== TASK TO COMPLETE ==
Exactly repeat all the records below, omitting the images they hold.

== RECORDS SHOWN ==
"""
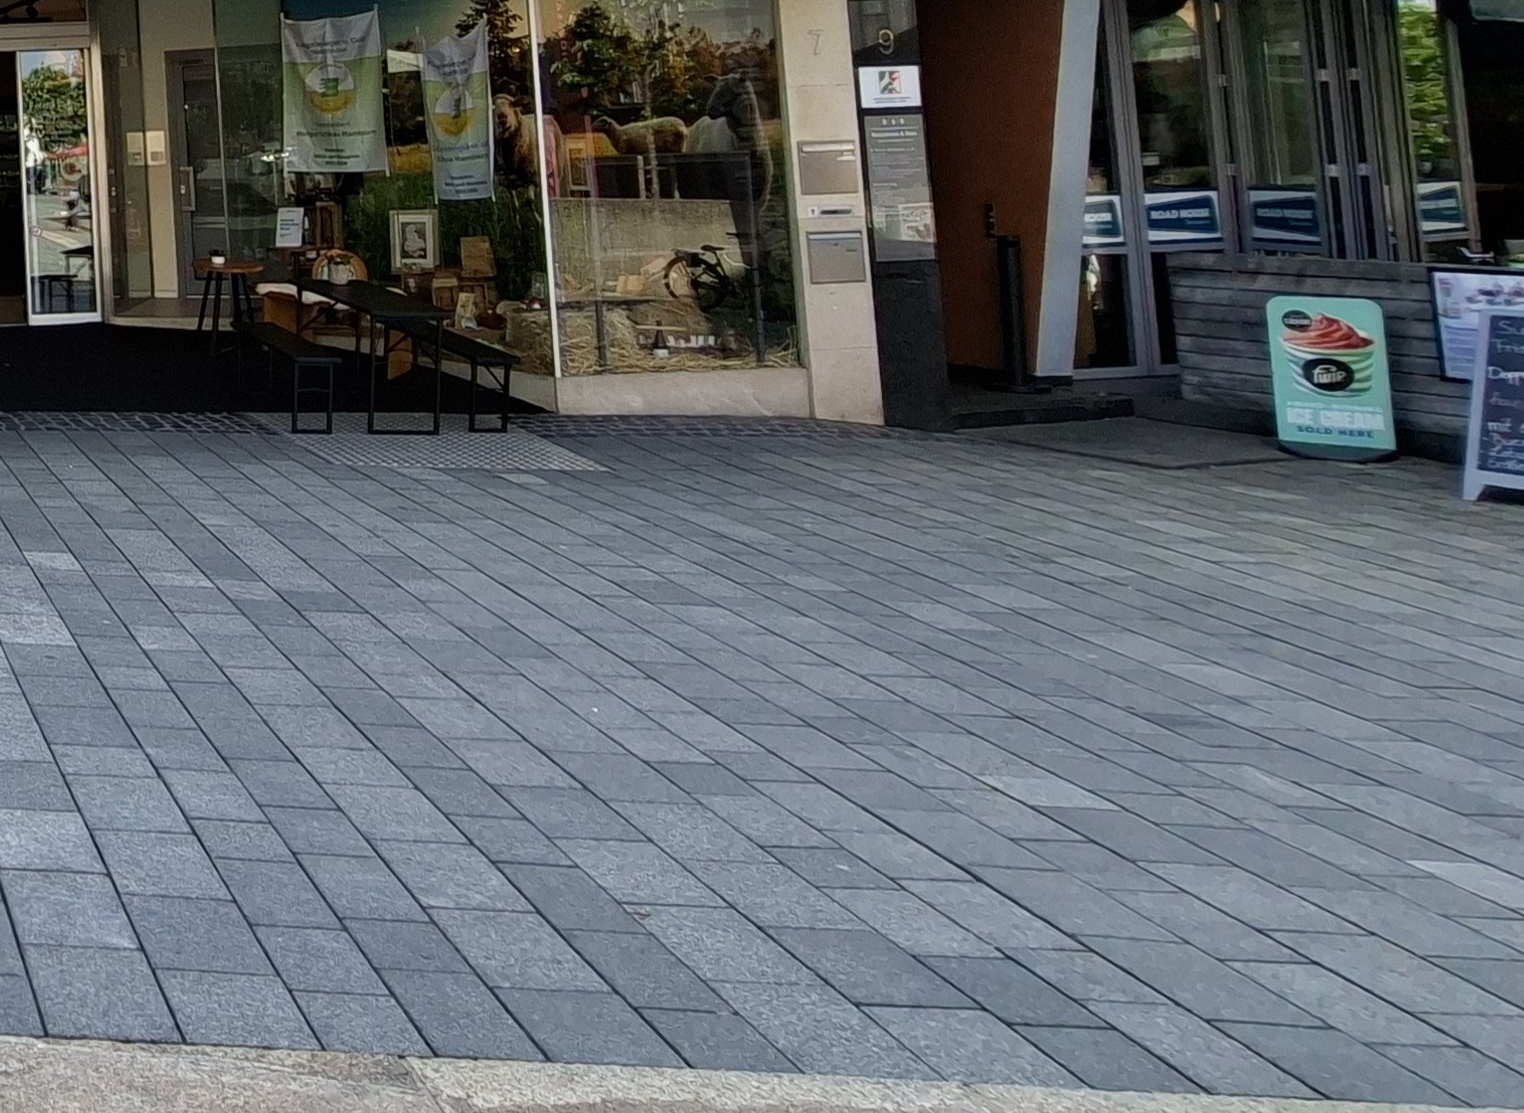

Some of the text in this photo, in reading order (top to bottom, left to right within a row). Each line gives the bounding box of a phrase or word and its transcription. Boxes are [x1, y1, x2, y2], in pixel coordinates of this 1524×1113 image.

[878, 28, 895, 56] 9
[1287, 407, 1315, 425] ICE
[1320, 410, 1386, 432] CREAM
[1297, 425, 1375, 439] SOLD HERE
"""
== SOLUTION BELOW ==
Some of the text in this photo, in reading order (top to bottom, left to right within a row). Each line gives the bounding box of a phrase or word and its transcription. Boxes are [x1, y1, x2, y2], in pixel coordinates of this 1524×1113 image.

[878, 28, 895, 56] 9
[1287, 407, 1315, 425] ICE
[1320, 410, 1386, 432] CREAM
[1297, 425, 1375, 439] SOLD HERE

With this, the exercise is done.